Fortunately, the results of their efforts – Aurora and Your Body Is the World – are two of the best songs the band have ever written. Mineral have managed to do what so many bands dream of doing: capturing the essence of a former life in producing something entirely new. But fans would be wise not to hold their breaths for a new LP anytime soon.
“I feel like we might be pushing our luck to think that we could write a full album's worth of material that would connect in the same way,” Jeremy says. “It's a little frightening to think about it.” He pauses, before adding, “It's not completely out of the realm of possibility.”
Meanwhile, in their live show, they’re still getting acquainted with the new material, figuring out how to perform their first new songs in over 20 years.

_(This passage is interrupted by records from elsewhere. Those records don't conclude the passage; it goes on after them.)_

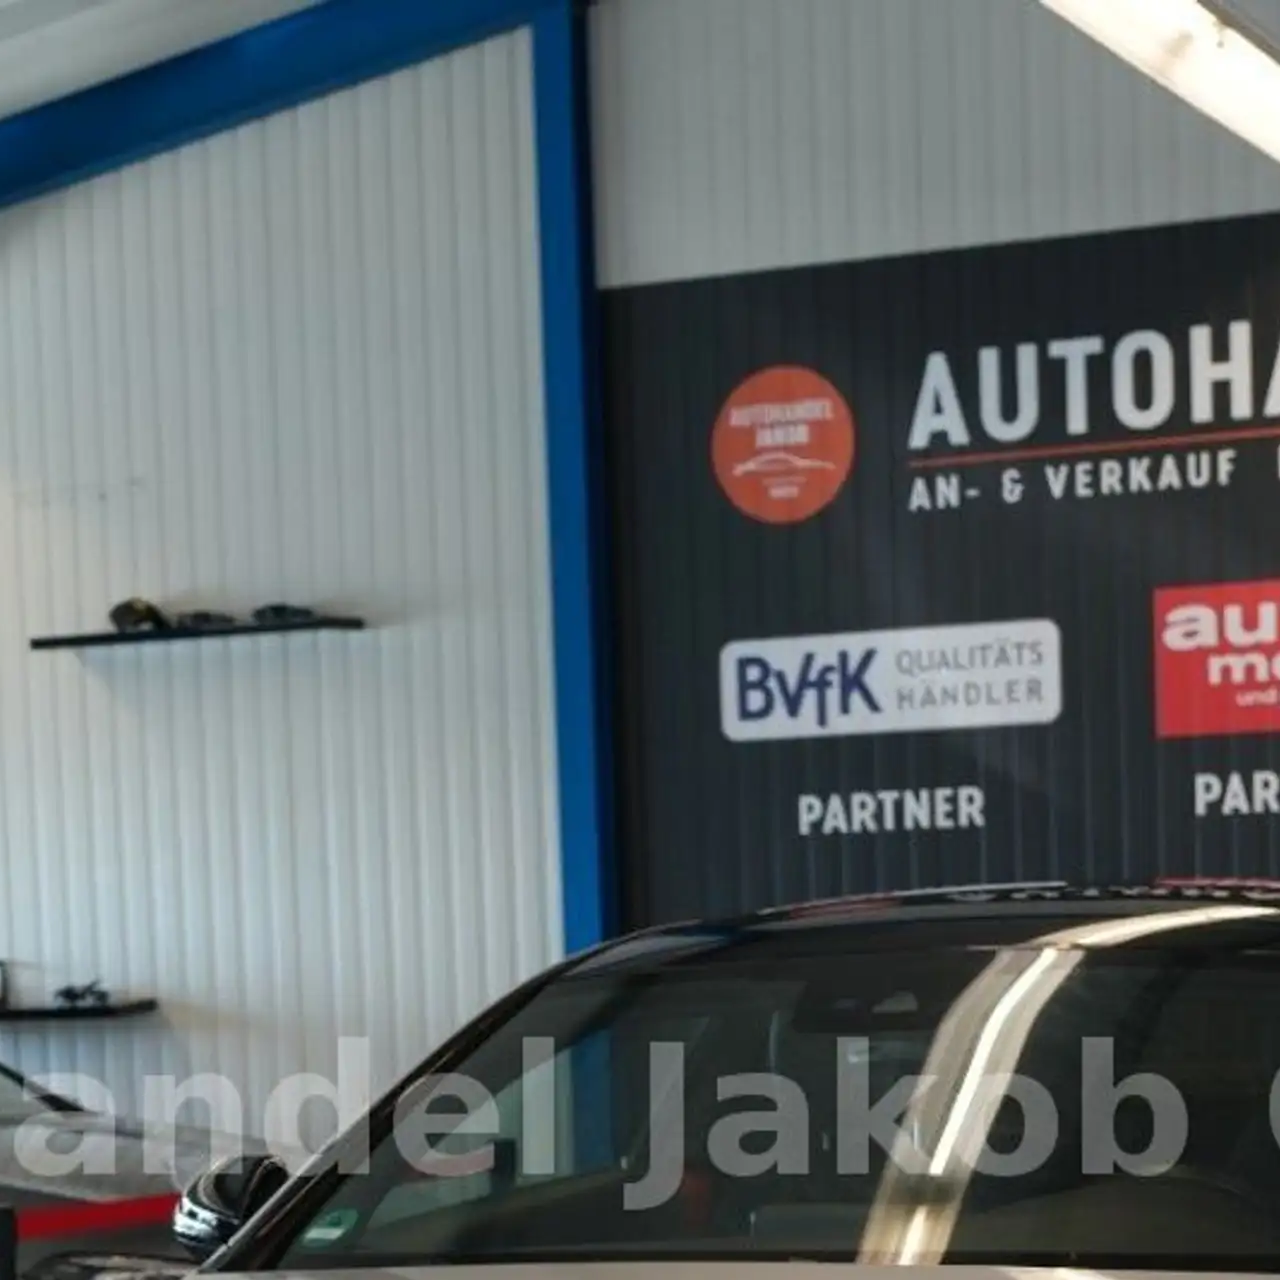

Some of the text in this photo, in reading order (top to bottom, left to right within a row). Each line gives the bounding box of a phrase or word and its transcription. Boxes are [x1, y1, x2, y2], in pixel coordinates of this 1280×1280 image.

[908, 475, 981, 512] AN-
[1001, 467, 1024, 504] &
[1045, 450, 1237, 501] VERKAUF
[896, 638, 1045, 678] QUALITÄTS
[736, 647, 883, 726] BVfK
[896, 675, 1044, 713] HÄNDLER
[1235, 688, 1277, 708] und
[797, 786, 986, 836] PARTNER

“I enjoy playing them, but they feel so much more tenuous to me,” Chris says. “The other stuff, we've rehearsed so much. These [new] ones feel pretty comfortable with all the old stuff, but every night when I see these new songs come up in the set list, I’m like, ‘Alright. Here we go. Buckle up.’”
Whereas most bands exist to introduce new music in their sets, Mineral aren’t most bands: after a two decade break, they’ve only recently gotten back into the groove with their old music – tunes that had gone untouched for two decades, canonized by fans in the interim.
“At the beginning of the 2014 tour, it was really trial by fire with the Bowery Ballroom shows in New York – just packed out every night,” Jeremy recalls of the band’s initial reunion. “We were like, ‘Holy shit – what did we get ourselves into? We weren't sure if this was going to work… And then as it went on, and so far on this tour, we've settled into a pretty good spot.”